#### Active Learning Algorithm
Active learning is a machine learning paradigm where the algorithm can query a user or an oracle to obtain labels for new data points. The goal is to achieve high performance with fewer labeled instances by strategically selecting which data points to label.

#### Use Cases for Active Learning
- Image Classification: In scenarios where labeling images is expensive or time-consuming, active learning can help focus on uncertain samples to improve the model's accuracy efficiently.

- Natural Language Processing: Active learning can be applied in tasks such as sentiment analysis or named entity recognition, where labeling text can be subjective and labor-intensive.

- Medical Diagnosis: In medical imaging, where experts are needed to label images, active learning can help prioritize which images to review.

- Anomaly Detection: Active learning can be used to identify and label anomalous data points that may be rare and critical for training robust models.

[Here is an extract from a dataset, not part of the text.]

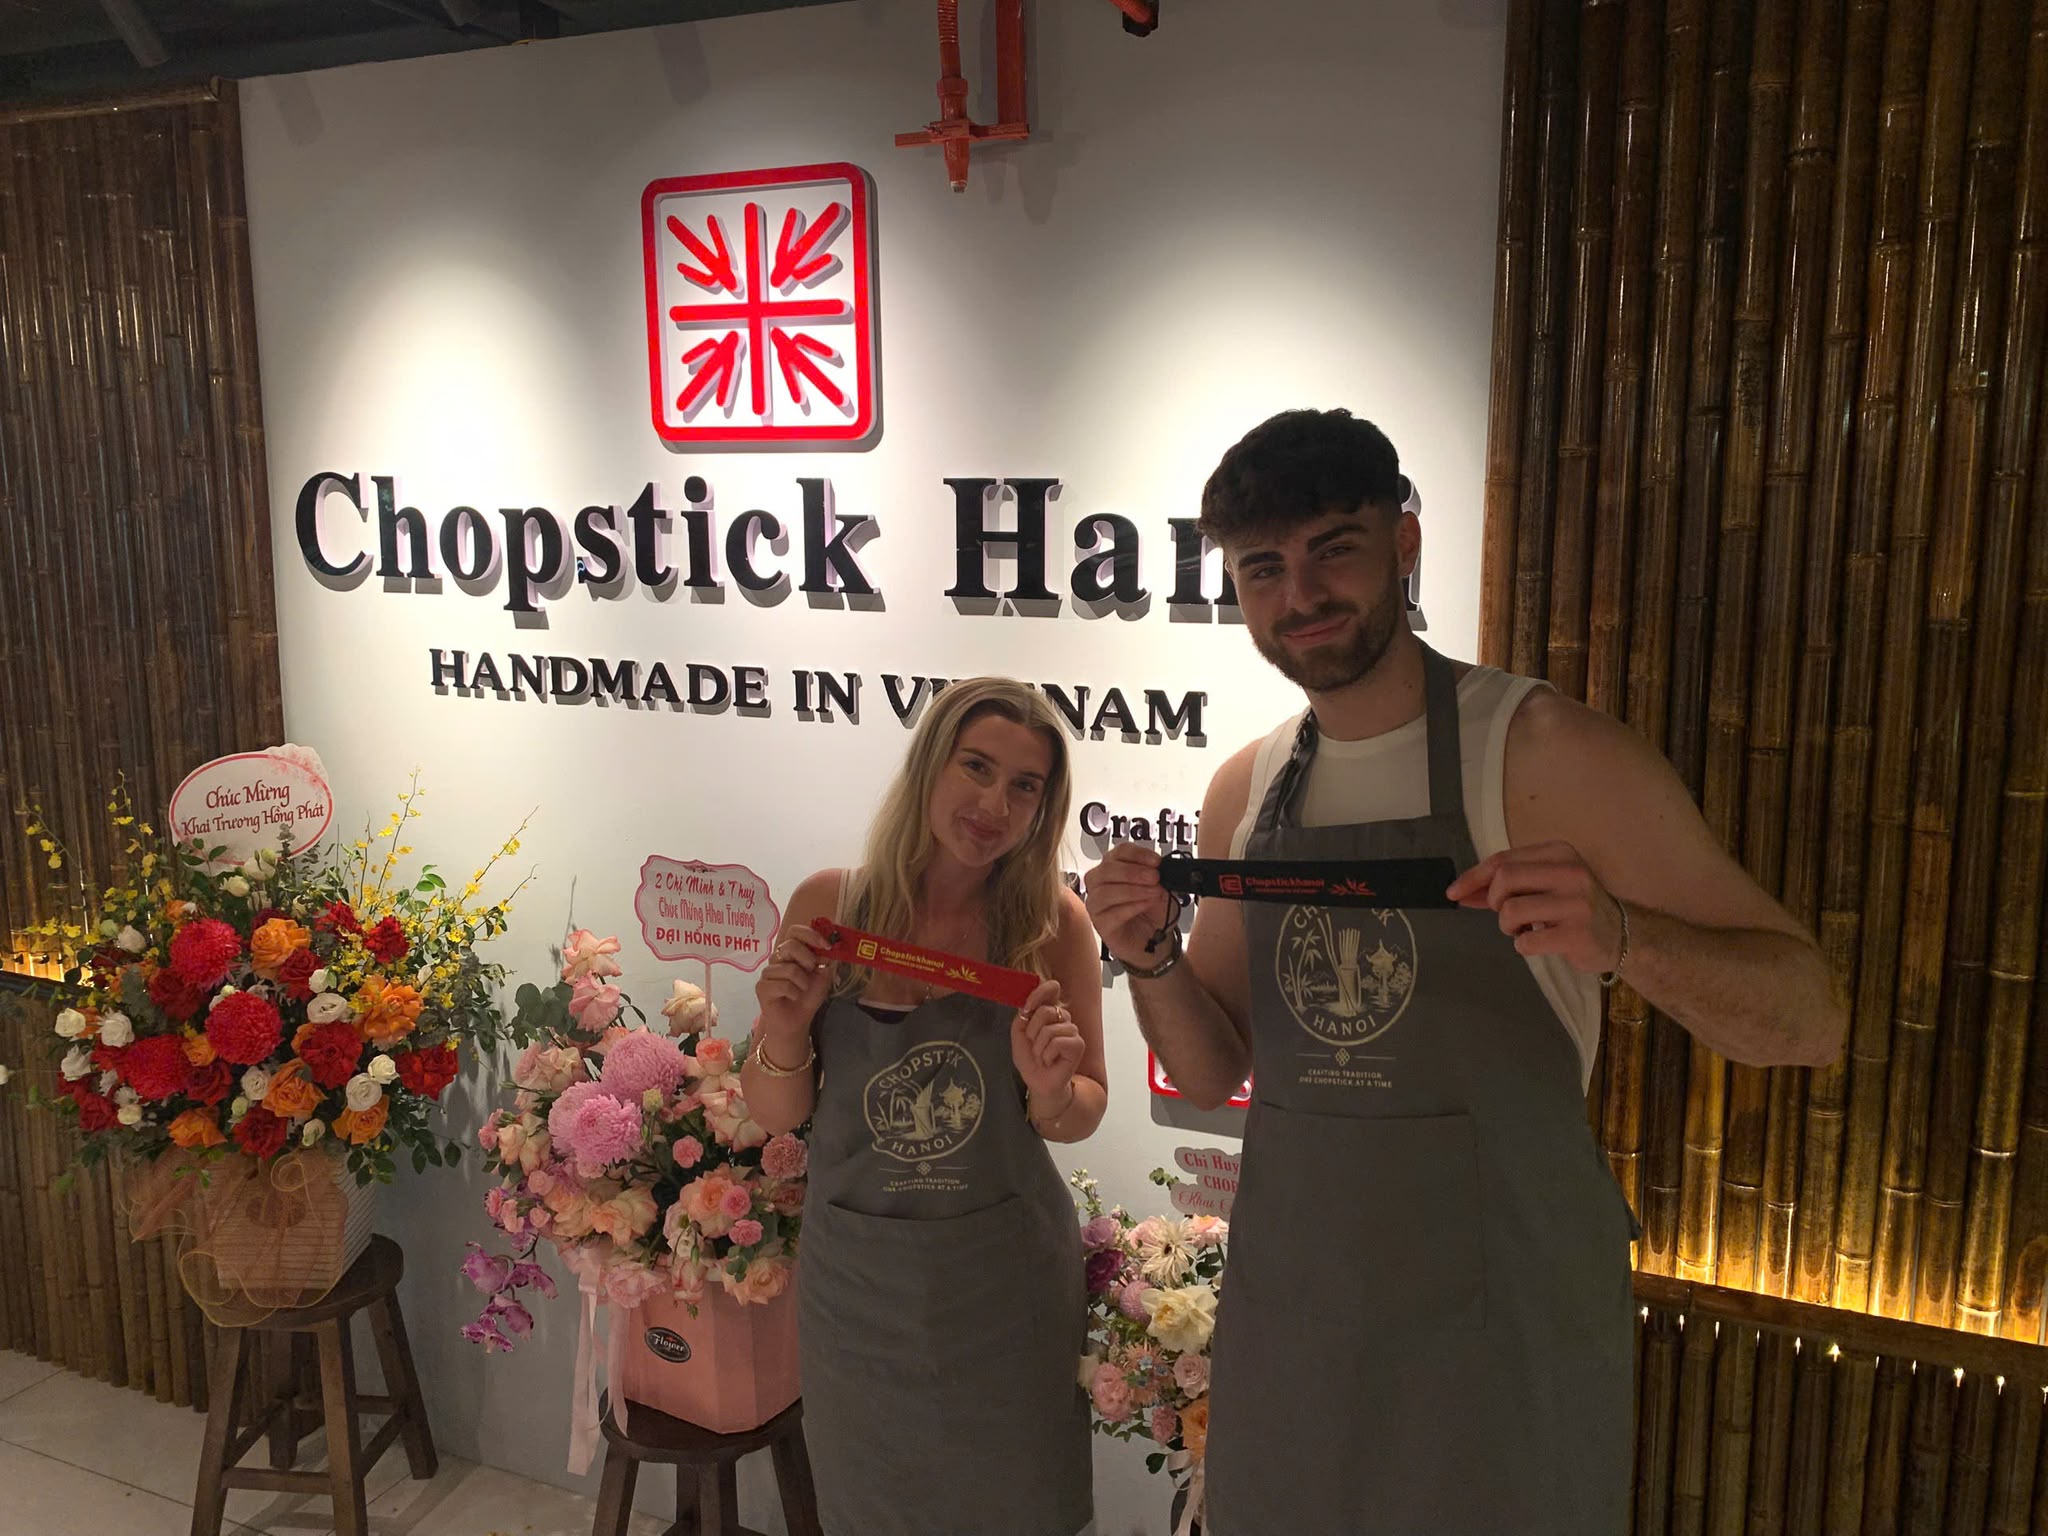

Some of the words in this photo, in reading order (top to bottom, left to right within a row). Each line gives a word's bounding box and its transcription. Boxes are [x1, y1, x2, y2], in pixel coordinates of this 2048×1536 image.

- Recommender Systems: In scenarios where user feedback is limited, active learning can be employed to gather relevant data points for better recommendations.

#### Generating Logical Data for Active Learning
We can generate synthetic logical data, such as a set of binary features with a binary target variable, to simulate a classification problem. Here’s how to create such data:

In [1]:
import numpy as np

# Generate random logical data
np.random.seed(42)
num_samples = 1000
num_features = 5

# Random binary features
X = np.random.randint(0, 2, size=(num_samples, num_features))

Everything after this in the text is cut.